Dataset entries
▽

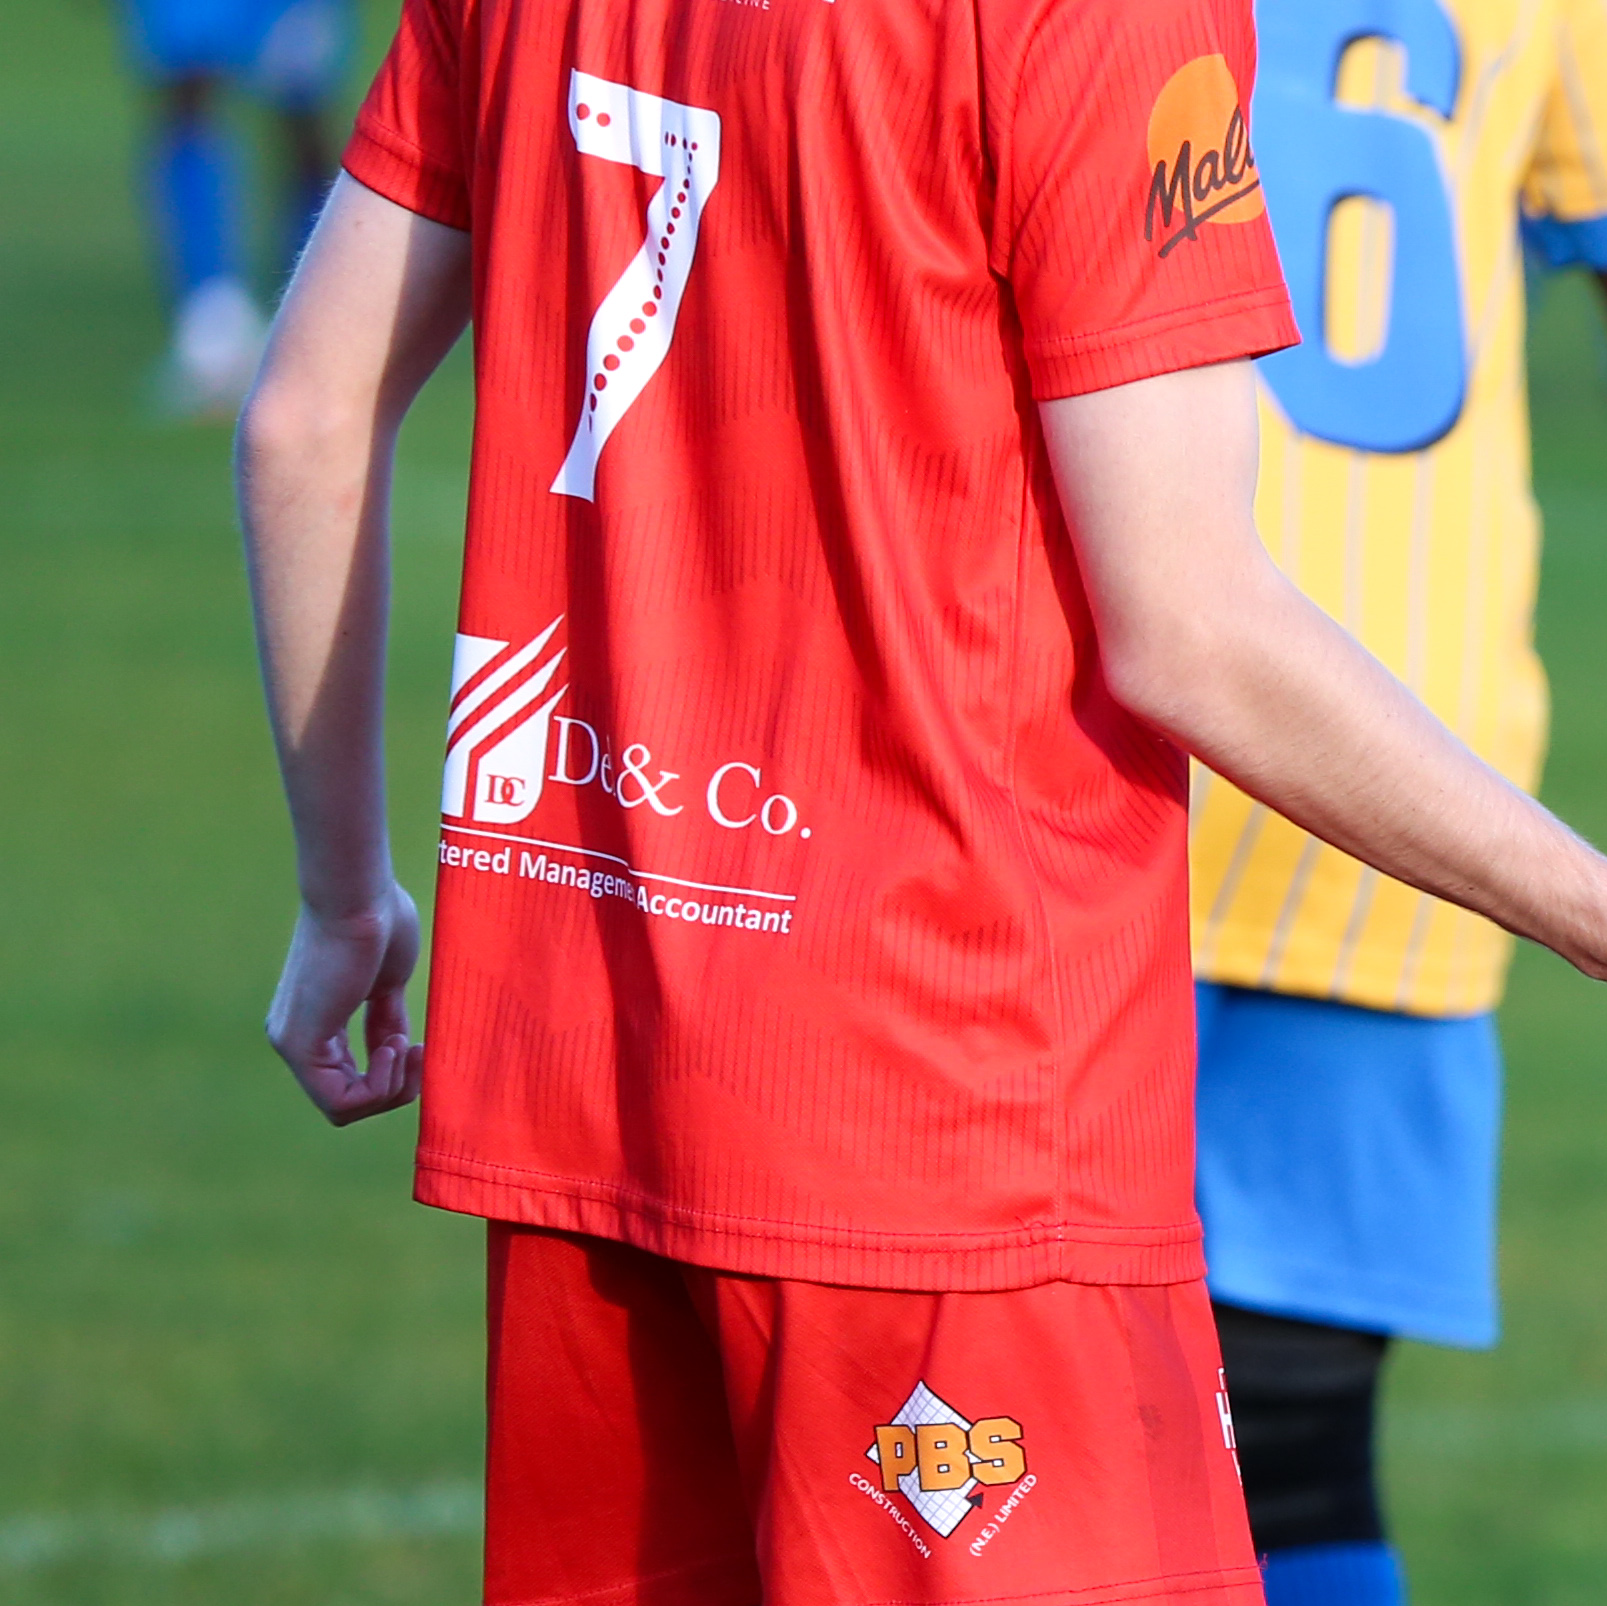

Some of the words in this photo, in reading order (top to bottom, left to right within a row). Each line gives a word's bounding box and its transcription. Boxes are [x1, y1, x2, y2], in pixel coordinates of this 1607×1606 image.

[1251, 0, 1467, 455] 6
[549, 67, 721, 504] 7
[484, 773, 526, 806] DC
[617, 743, 684, 816] &
[706, 761, 812, 839] Co.
[636, 885, 793, 934] Accountant
[873, 1415, 1028, 1493] PBS
[848, 1472, 932, 1559] CONSTRUCTION
[969, 1522, 1001, 1557] (N.E.)
[994, 1473, 1038, 1523] LIMITED

△

** EXERCISE AIM **
Your answer must consist of the entries, unchanged, with no pictures in it.

** THE COMPLETED TASK **
Some of the words in this photo, in reading order (top to bottom, left to right within a row). Each line gives a word's bounding box and its transcription. Boxes are [x1, y1, x2, y2], in pixel coordinates of this 1607×1606 image.

[1251, 0, 1467, 455] 6
[549, 67, 721, 504] 7
[484, 773, 526, 806] DC
[617, 743, 684, 816] &
[706, 761, 812, 839] Co.
[636, 885, 793, 934] Accountant
[873, 1415, 1028, 1493] PBS
[848, 1472, 932, 1559] CONSTRUCTION
[969, 1522, 1001, 1557] (N.E.)
[994, 1473, 1038, 1523] LIMITED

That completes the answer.